A touching moment at a recent campaign event for Mehmet Oz, better known as Dr. Oz, in Philadelphia — in which a Black woman broke down in tears as she described the fatal shootings of her brother and nephew, and was comforted by the Republican Senate candidate — made for riveting television, and brought to mind the former daytime TV host’s old namesake show.
Three weeks later, after the encounter was featured in local and national news reports, journalists who covered the event discovered that they had been duped by the Oz campaign into reporting as news a scene that had more in common with reality TV.
The woman, Sheila Armstrong, sat next to Oz at a September 19 event his campaign described as a “community discussion” in Philadelphia’s Germantown neighborhood. Armstrong held a handmade sign which said that her lost relatives were “gone but not forgotten,” and her anguished tears were broadcast to the city that day by the local NBC News affiliate, and described in reports on the event by the Philadelphia Inquirer and KYW Newsradio.
Sheila Armstrong tells Oz about her nephew and brother who were shot and killed in Philly. She says she’s “fed up with the system that’s playing politics with the lives of people in this community.” That’s Democratic state Rep. Chris Rabb seated next to her. pic.twitter.com/WWFf4nGfXj
— Julia Terruso (@JuliaTerruso) September 19, 2022
The emotional encounter between the candidate and a victim of gun violence who had suffered so deeply was brought to national attention this week by The Associated Press, in a feature story on the competition over Black voters in the Pennsylvania Senate race between Oz and his Democratic opponent, John Fetterman, the state’s lieutenant governor. When the AP story was first published on Tuesday, it began this way:
As Sheila Armstrong grew emotional in recounting how her brother and nephew were killed in Philadelphia, Dr. Mehmet Oz — sitting next to her inside a Black church, their chairs arranged a bit like his former daytime TV show set — placed a comforting hand on her shoulder.
Later, he gave her a hug, and said, “How do you cope?”
That text account — in a piece looking at the Oz’s campaign’s effort to connect with Black voters as an allied Republican group worked to cast Fetterman as an anti-Black racist — was posted on the AP’s website, and distributed to the hundreds of news organizations that reprint AP reporting, accompanied by a photograph of Armstrong drying her tears as Oz leaned in to hug her.
As the text and photo accounts of the exchange between Oz and Armstrong were reproduced by news organizations across the country that subscribe to the AP’s wire service, Fetterman’s campaign manager, Brendan McPhillips, complained on Twitter that the AP had failed to share a pertinent fact with readers: that Armstrong is not an ordinary voter but a paid member of the Oz campaign staff.

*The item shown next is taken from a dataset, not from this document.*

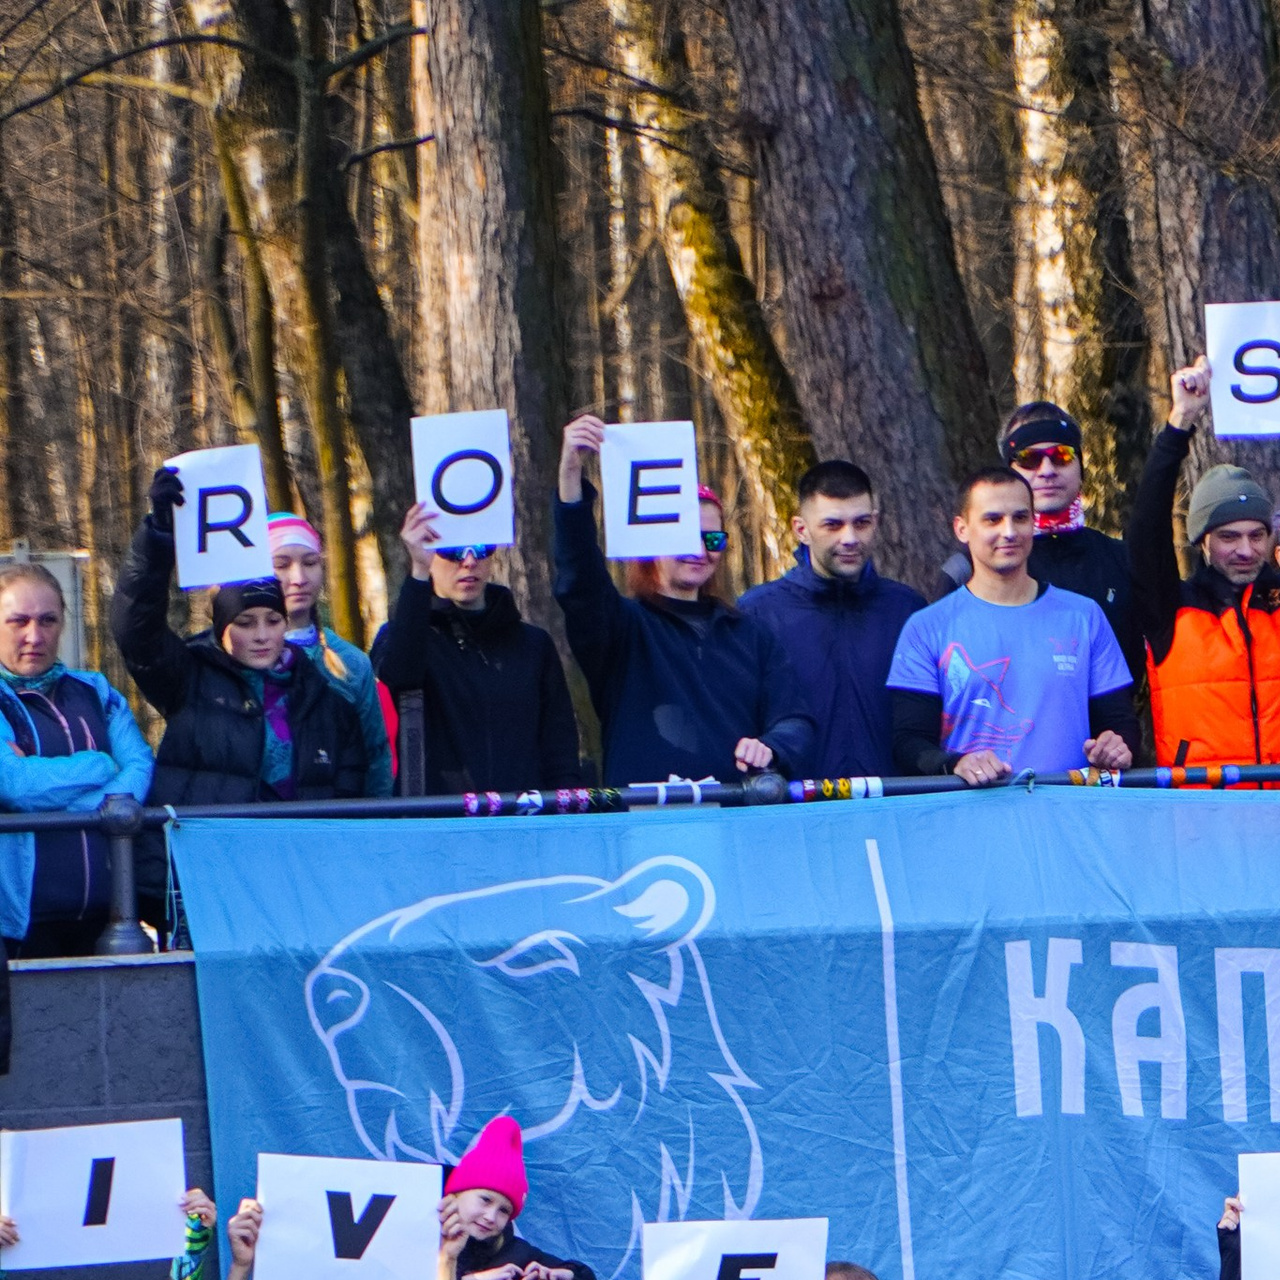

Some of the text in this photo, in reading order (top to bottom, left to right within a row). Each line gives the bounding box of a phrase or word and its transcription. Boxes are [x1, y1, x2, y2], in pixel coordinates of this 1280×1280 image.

As evidence, McPhillips posted a screenshot of a business card Armstrong had shared on her public Instagram account in June, identifying her as the Oz campaign’s “Philadelphia County Coordinator,” above a “doctorozforsenate.com” email address.
Armstrong’s Instagram feed also includes posts from June and July promoting other campaign events in Philadelphia, illustrated by a photo of her smiling with the candidate, and one from September, in which she invited anyone who wanted to attend the “Safer Streets Community Discussion” with Oz on September 19 to RSVP, by emailing her at her campaign account. The flyer for the event Armstrong posted on Instagram made it clear that the location of the event would not be made public to anyone who did not email her.
Records filed with the Federal Election Commission in June show that two payments to Armstrong that month from the Doctor Oz for Senate campaign were described as “payroll.”
None of the local news reports on the event that were published last month informed the public that Armstrong worked for the Oz campaign.
While Armstrong has clearly suffered greatly from the unchecked epidemic of gun violence in America, it appears that the Oz campaign misled reporters who attended the invitation-only discussion where she was a featured speaker by failing to disclose her affiliation with the campaign. None of the local news reports on the event that were published last month informed the public that Armstrong worked for the Oz campaign.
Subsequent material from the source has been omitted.